--- RAW DATA Enclosed Below ---
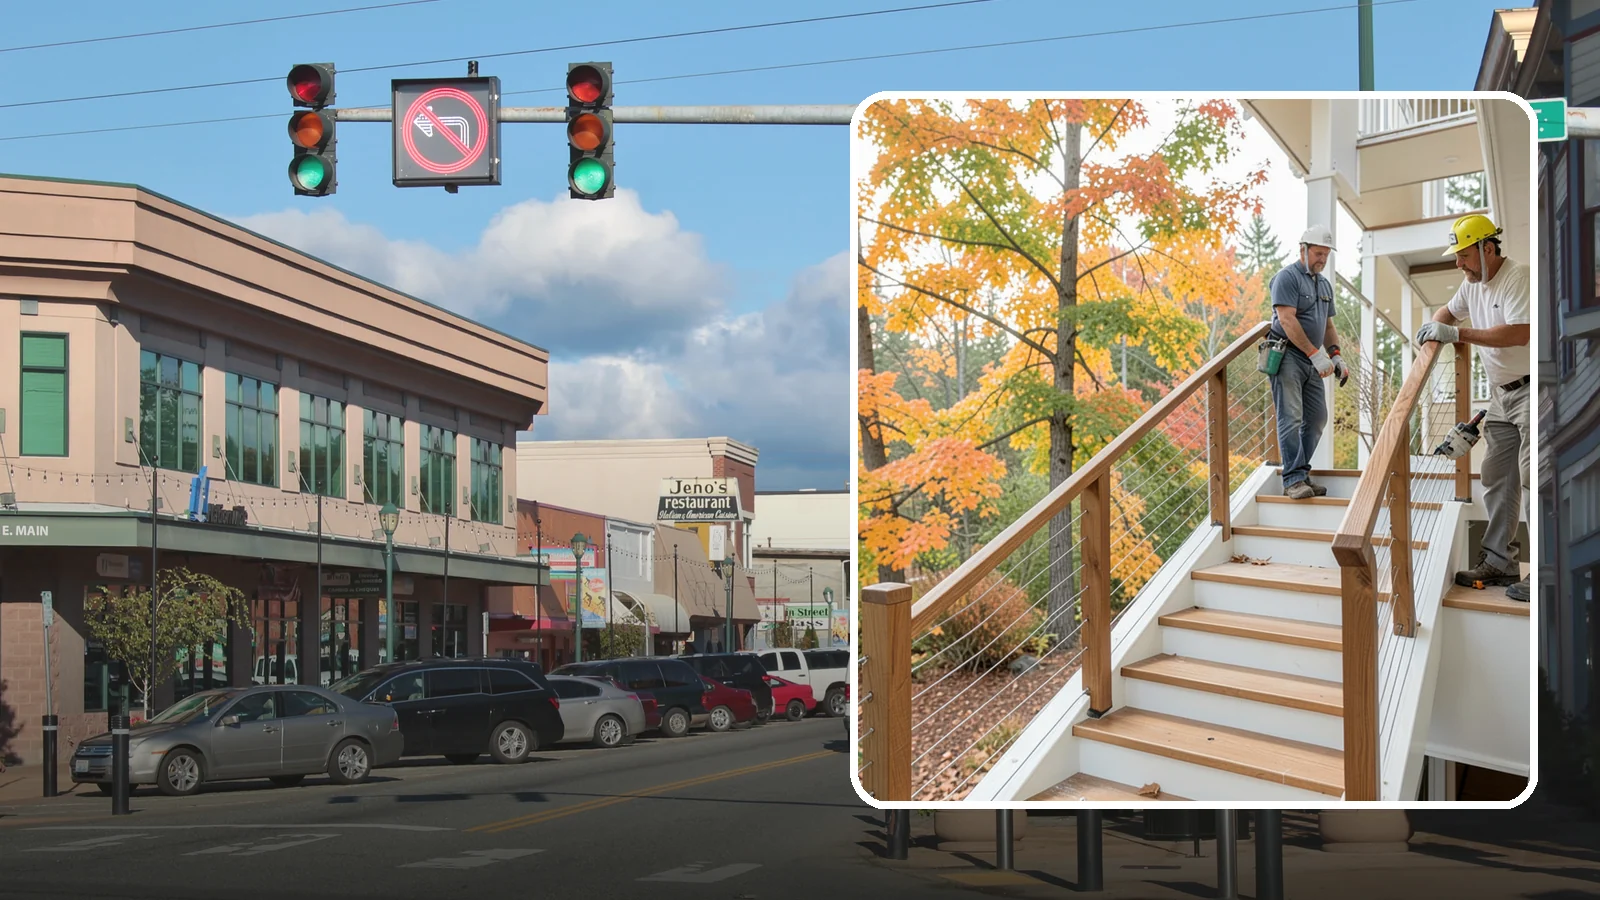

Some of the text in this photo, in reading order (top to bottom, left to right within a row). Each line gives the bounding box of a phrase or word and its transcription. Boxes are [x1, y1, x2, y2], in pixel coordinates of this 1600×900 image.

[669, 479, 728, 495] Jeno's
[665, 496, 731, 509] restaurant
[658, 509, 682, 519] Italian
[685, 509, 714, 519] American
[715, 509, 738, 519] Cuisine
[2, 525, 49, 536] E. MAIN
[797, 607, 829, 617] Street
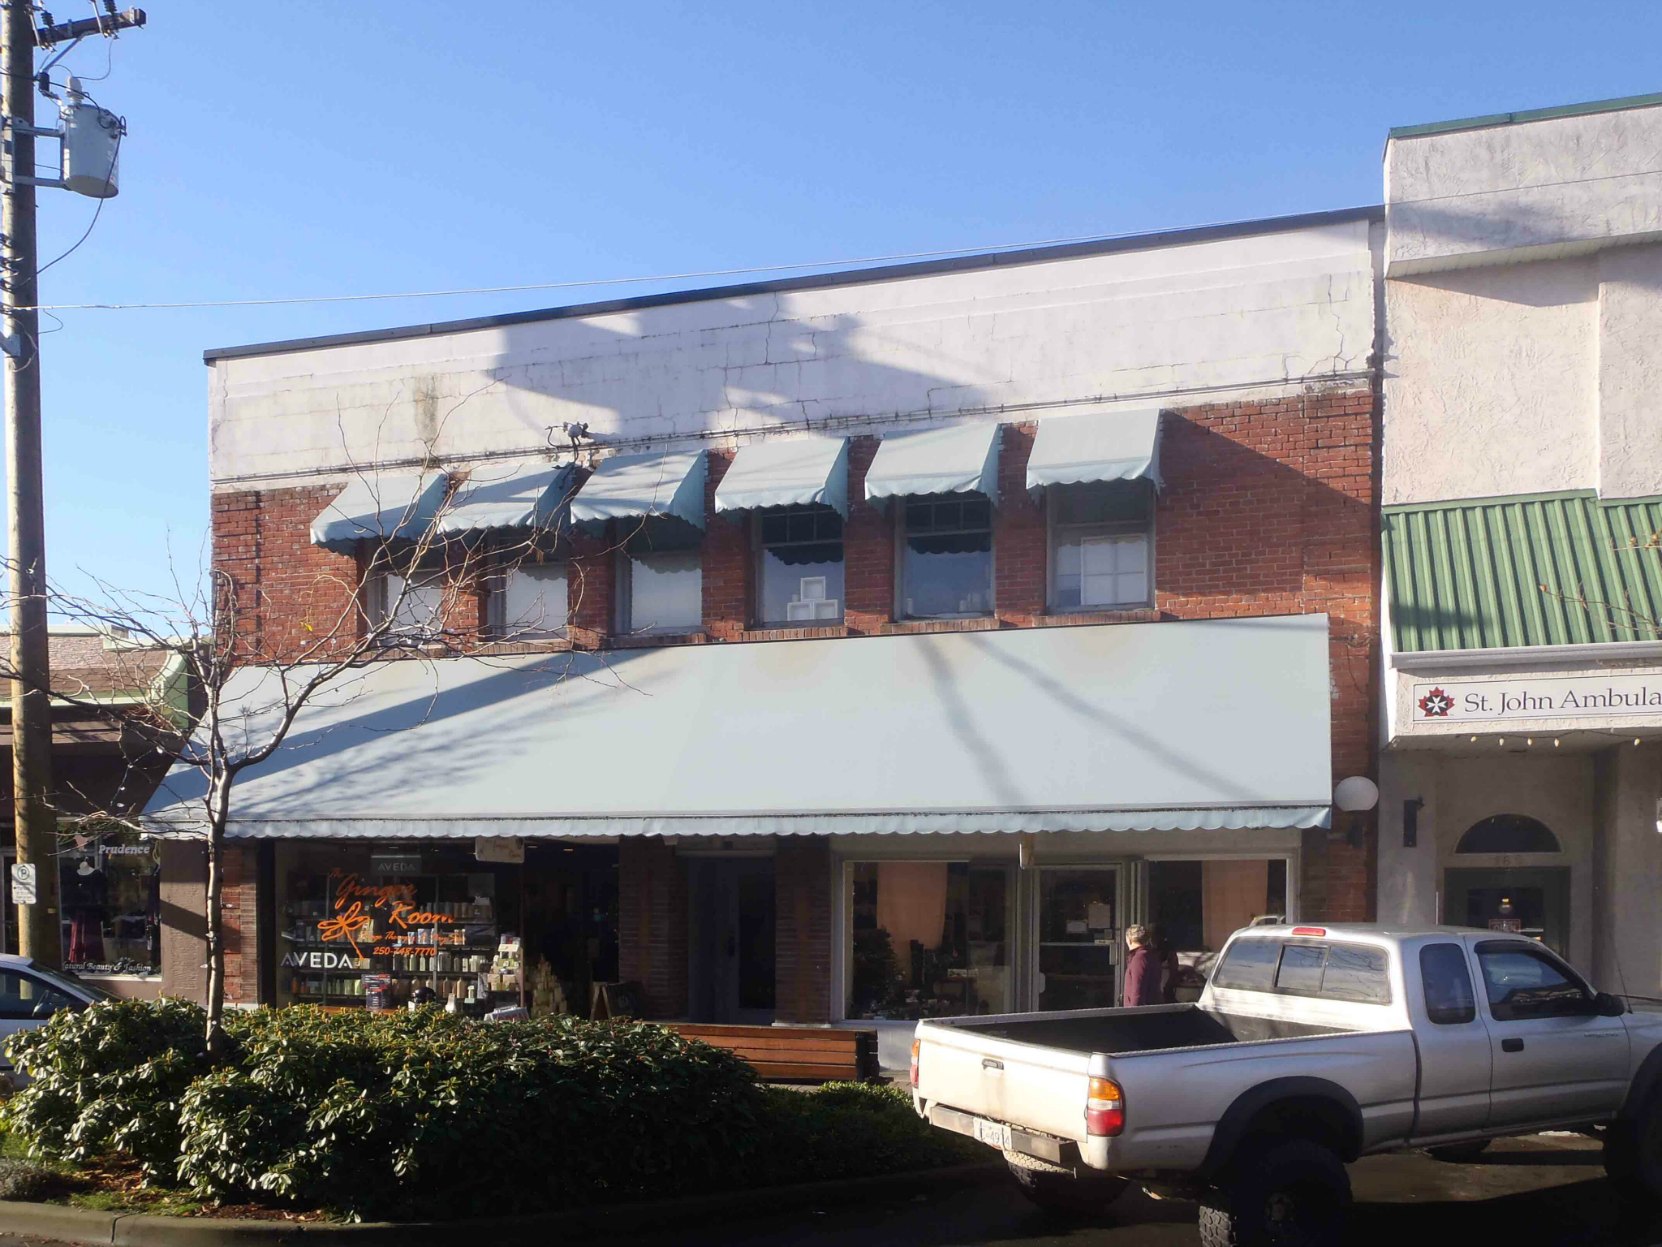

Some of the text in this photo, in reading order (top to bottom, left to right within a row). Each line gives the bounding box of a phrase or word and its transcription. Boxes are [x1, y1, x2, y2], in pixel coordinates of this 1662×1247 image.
--- End of Enclosed RAW DATA ---
**THE TASK:**
Repeat the data exactly as given. Keep every picture out of the copy.

**RESPONSE:**
Some of the text in this photo, in reading order (top to bottom, left to right within a row). Each line gives the bounding box of a phrase or word and its transcription. Boxes are [x1, y1, x2, y2], in pixel coordinates of this 1600×900 image.

[669, 479, 728, 495] Jeno's
[665, 496, 731, 509] restaurant
[658, 509, 682, 519] Italian
[685, 509, 714, 519] American
[715, 509, 738, 519] Cuisine
[2, 525, 49, 536] E. MAIN
[797, 607, 829, 617] Street

Some of the text in this photo, in reading order (top to bottom, left to right within a row). Each line gives the bounding box of a phrase or word and its transcription. Boxes are [x1, y1, x2, y2], in pixel coordinates of this 1662×1247 image.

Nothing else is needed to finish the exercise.